O Savory Institute, no Novo México, EUA, criado por Allan Savory, trabalha, há décadas, entre outras frentes, para restaurar a biodiversidade global, deter as mudanças climáticas, recuperar a terra esgotada para a agricultura e no combate à fome e à pobreza no mundo. Os métodos utilizados são o do ensinamento e prática da Administração Holística e da Tomada de Decisão Holística. Com essa prática, por exemplo, durante a crise de energia do fim da década de 1970, a fazenda Mason Dixon, na Pensilvânia, foi pioneira no uso de biodigestor de esterco de vacas e novilhas, produzindo metano e eletricidade para todas as suas necessidades, estabelecendo um “equilíbrio simbiótico entre os animais e a produção de energia”. E assim esta abordagem de autoprodução sustentável tem contribuído para promover o bem-estar humano e a saúde dos ecossistemas.
O Brasil tem avançado muito em relação ao aproveitamento de suas fontes energéticas e, melhor, na universalização do atendimento à população com energia elétrica. Mas, como lembram Gomes, Saath e Paiva (2020, in XII CBPE), a realidade é a de “pobreza energética” no país, definida de forma genérica pelo World Energy Assessments, das Nações Unidas, como “a impossibilidade de escolhas suficientes para acesso adequado, acessível e de confiança de serviços energéticos para gerar um desenvolvimento humano e apoiar a economia”. De acordo com o IPEA (2019), um quarto da população brasileira está em situação de pobreza e com dificuldades, portanto, para ter acesso à eletricidade e para pagar as suas contas.
Nestas circunstâncias, convivemos, de fato, com um problema socioeconômico que merece uma profunda e revitalizada política pública na área energética sobre tarifação, modalidades tarifárias e consumidores baixa renda, lado a lado com as políticas econômica e social. Pode-se iniciar pelo setor residencial, que consome 25,0% de toda a oferta elétrica do país, mas, onde há disparidades significativas de demanda entre classes de consumidores e tarifas se considerarmos variáveis como a renda, concentração do número de consumidores por região do país, padrões de consumo, indicadores de estilo e hábitos de vida e uso de equipamentos, e, de um estudo inédito de Souza, Mattos e de Almeida (2020, UFJF), as elasticidades-preço e renda estimados a partir dos efeitos espaciais na demanda de eletricidade, entre as unidades da federação.
Existe, ainda, um desafio extraordinário, que se refere à isonomia na prestação do serviço entre os consumidores.

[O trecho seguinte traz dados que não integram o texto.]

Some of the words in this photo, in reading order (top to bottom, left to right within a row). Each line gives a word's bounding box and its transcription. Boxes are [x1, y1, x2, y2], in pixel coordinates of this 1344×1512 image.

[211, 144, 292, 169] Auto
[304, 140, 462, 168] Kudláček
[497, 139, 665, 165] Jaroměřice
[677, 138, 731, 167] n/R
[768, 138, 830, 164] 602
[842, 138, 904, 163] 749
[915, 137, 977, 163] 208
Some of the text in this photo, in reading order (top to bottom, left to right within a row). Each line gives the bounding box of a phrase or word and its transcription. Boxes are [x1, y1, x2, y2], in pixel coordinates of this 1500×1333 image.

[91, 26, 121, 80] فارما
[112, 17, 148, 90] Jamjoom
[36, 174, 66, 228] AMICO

Com as transformações no setor elétrico cada vez mais agudas, as políticas de eficiência energética devem desempenhar o papel de equilíbrio, ganhando significativo protagonismo entre os padrões de consumo mais restritivos. Se existe um indicador essencial de redução de pobreza, este é o acesso à eletricidade, e, neste aspecto, amparar os que não tem eletricidade, ou não fazem uso dela suficientemente, com eficiência energética, é reconhecer e reclassificar estes consumidores no âmbito social e humano.
Estamos, deste modo, numa seara onde “o bem público” eletricidade deve produzir “bem-estar”, indiferente às desigualdades, à pobreza, à segurança econômica, etc. Aliás, o objetivo principal da privatização é preservar o “interesse público”. Definir a eficiência energética como bem ou interesse público demonstra, assim, o recurso da não-rivalidade com o fornecimento de eletricidade, garantindo benefícios a vários consumidores, reduzindo a demanda latente por energia elétrica. Isto, claro, vale para a atual situação entre consumidores e prossumidores.

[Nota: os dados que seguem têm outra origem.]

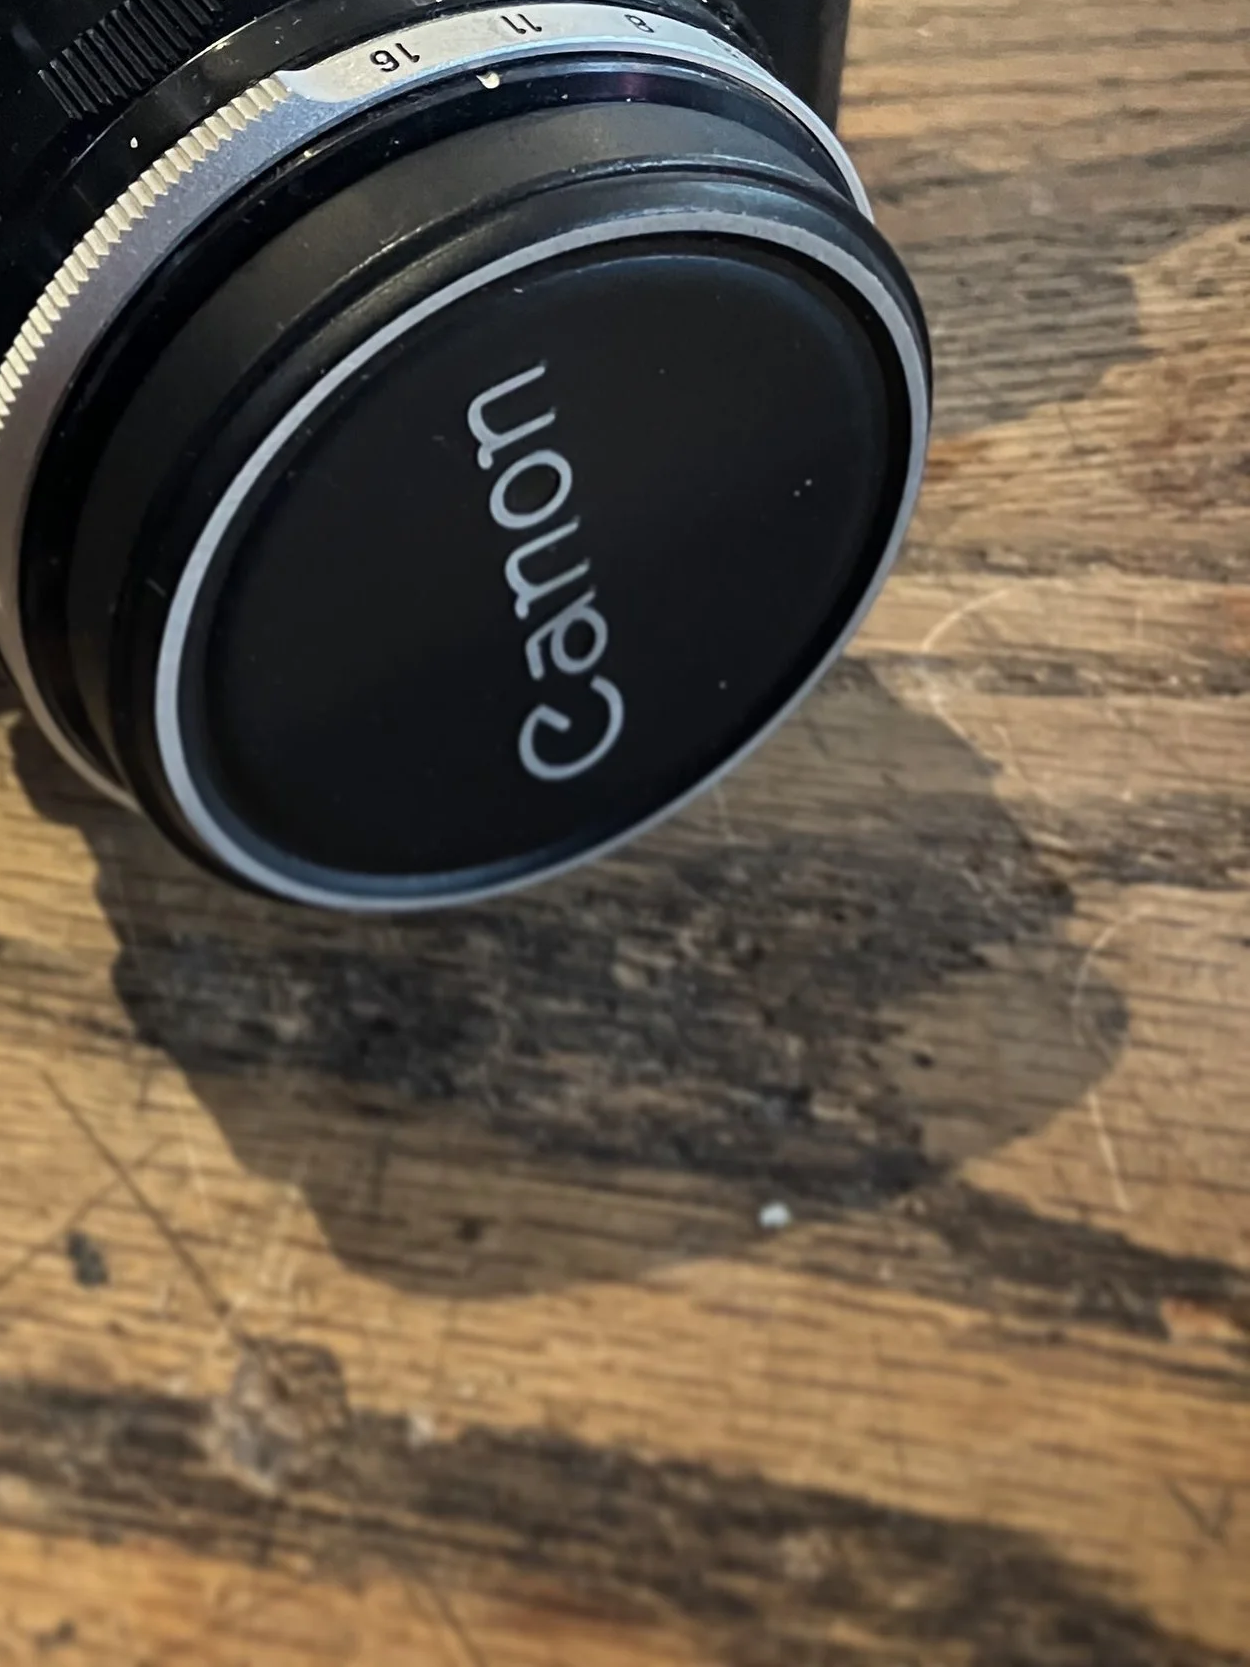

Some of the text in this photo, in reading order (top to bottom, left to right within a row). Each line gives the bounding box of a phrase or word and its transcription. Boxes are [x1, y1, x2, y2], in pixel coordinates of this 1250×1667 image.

Muitos países experimentaram a promoção da equidade inter e intra-classe de consumidores através de processos de reestruturação de sua indústria de eletricidade. Os modelos adotados obtiveram resultados satisfatórios com prática de tarifas de cunho assistencial para consumidores de baixa renda seguida de esforços para conservação de energia, mecanismos de formação de tarifas com base em auditorias de custos e análises comparativas (benchmarking), implementação de estratégias de serviços de conservação de energia pelas concessionárias, incentivos para aumentar o interesse em eficiência energética e para aquisição de equipamentos mais eficientes.
Na questão do equilíbrio entre consumidores no que tange aos benefícios e tarifas, a geração distribuída e a eficiência energética devem ser tratadas com pesos equivalentes e no mesmo pacote de oportunidades, inclusive num contexto em que o próprio setor público deve impor e determinar a segmentação do potencial de eficiência energética entre os atores que a sociedade considera passível de utilizar fundos públicos ou privados como as concessionárias, o setor público, o mercado privado e os próprios investimentos do consumidor (JANNUZZI, 2000).
A postura do setor elétrico, que pretende transitar para soluções sustentáveis para o consumidor e para o ambiente, deve mudar, portanto, sob as transformações que estão presentes em termos de expansão das fontes, microrredes e digitalização, geração distribuída e armazenamento, além de almejar o mercado de serviços, especialmente os de conservação de energia. E as mudanças regulatórias precisam eliminar as distorções existentes entre compensações, subsídios cruzados entre geradores distribuídos e consumidores, reavaliando as bases da regulação, ajustando tarifas e incorporando medidas de eficiência energética, permitindo que grande conjunto de consumidores, inclusive aqueles que não são autoprodutores, possam capturar o conforto da eletricidade.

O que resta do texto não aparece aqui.